P.S.: Tell us about your comic book collection. Do you prefer certain comics, or a variety? Does your interest in that medium (high adventure, vivid graphics, brief speech balloons) influence your fiction in some way?

R.A.: Like most kids growing up in the 80s, I began with Marvel and DC. My childhood collection grew to over 3000 comics, though now I tend to read comics digitally to save physical space and invest in high-quality graded comics.

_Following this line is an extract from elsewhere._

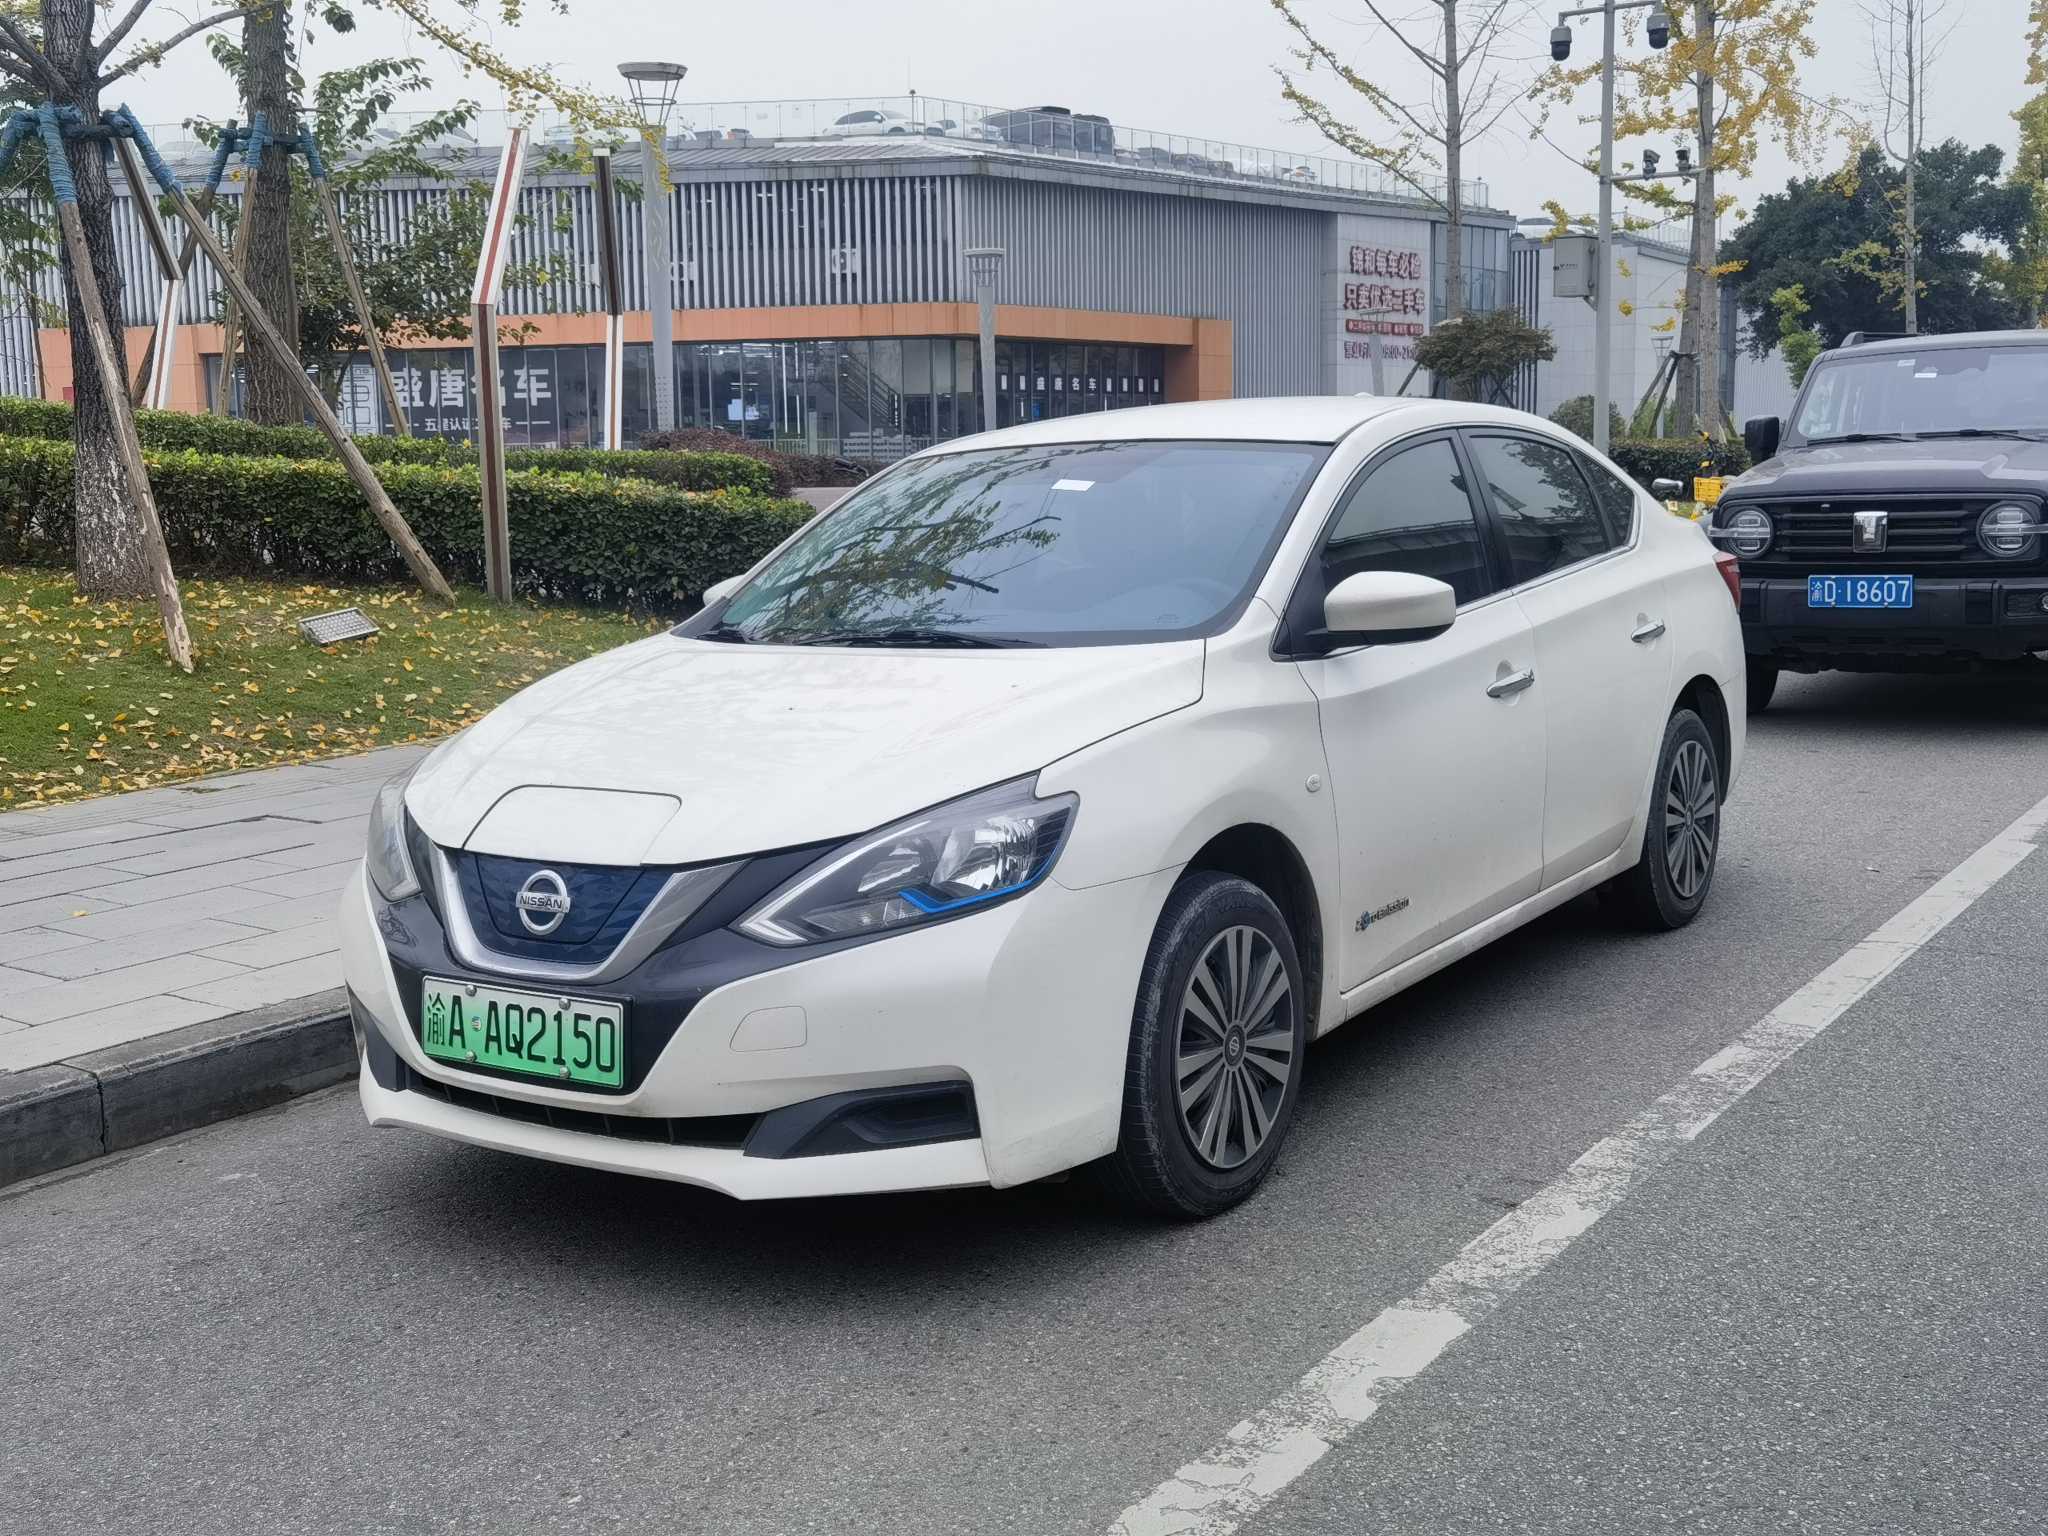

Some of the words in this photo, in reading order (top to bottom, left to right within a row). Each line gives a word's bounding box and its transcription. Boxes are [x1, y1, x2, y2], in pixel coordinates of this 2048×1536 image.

[1344, 283, 1425, 314] 只卖优选二手车
[424, 417, 512, 432] 五星认证车
[520, 895, 563, 908] NISSAN

Comics have absolutely impacted my punchy, action-driven writing style. I can pack a lot of storyline in a scant ten pages.

P.S.: With over 500 ratings on Amazon, your novel Expendable, first in the Redline Corps series, has readers enthralled. Tell us about the main character, Liv Reyes, and the book’s premise.

R.A.: The idea of Liv came about from seeing a survey of Gen As who overwhelmingly aspire to be social media influencers (yikes, but that’s a debate for another day). So, I decided to create an influencer as a main character who gets drafted as a war correspondent with the task to put a positive spin on the war.

P.S.: Having published over forty novels, you’re one of the most prolific authors I’ve ever interviewed. Your website states your personal goal of writing a million words this year. That’s over 2700 words per day, well beyond the average for the (now closed) high-speed Nanowrimo challenge. Will you achieve your goal? How do you write so fast?

R.A.: Writing is my career, and I treat it like a job, setting regular hours and deadlines. I think some writers get into this mindset that writing should only take place while inspired, but that’s hogwash. Sure, story ideas and characters come from inspiration, but a story comes from hard work, craft, and dedication.

I unfortunately won’t hit the goal this year due to a lot of personal changes in my life right now, but I definitely plan to hit it next year!

P.S.: Congratulations on earning your pilot’s license. Do you fly often? Has that knowledge and skill helped you in your writing?

R.A.: Thanks! I don’t fly often right now, but I use the ideas and concepts of flying through most of my books. Taking the “write what you know” literally, nearly every book has an aviator character.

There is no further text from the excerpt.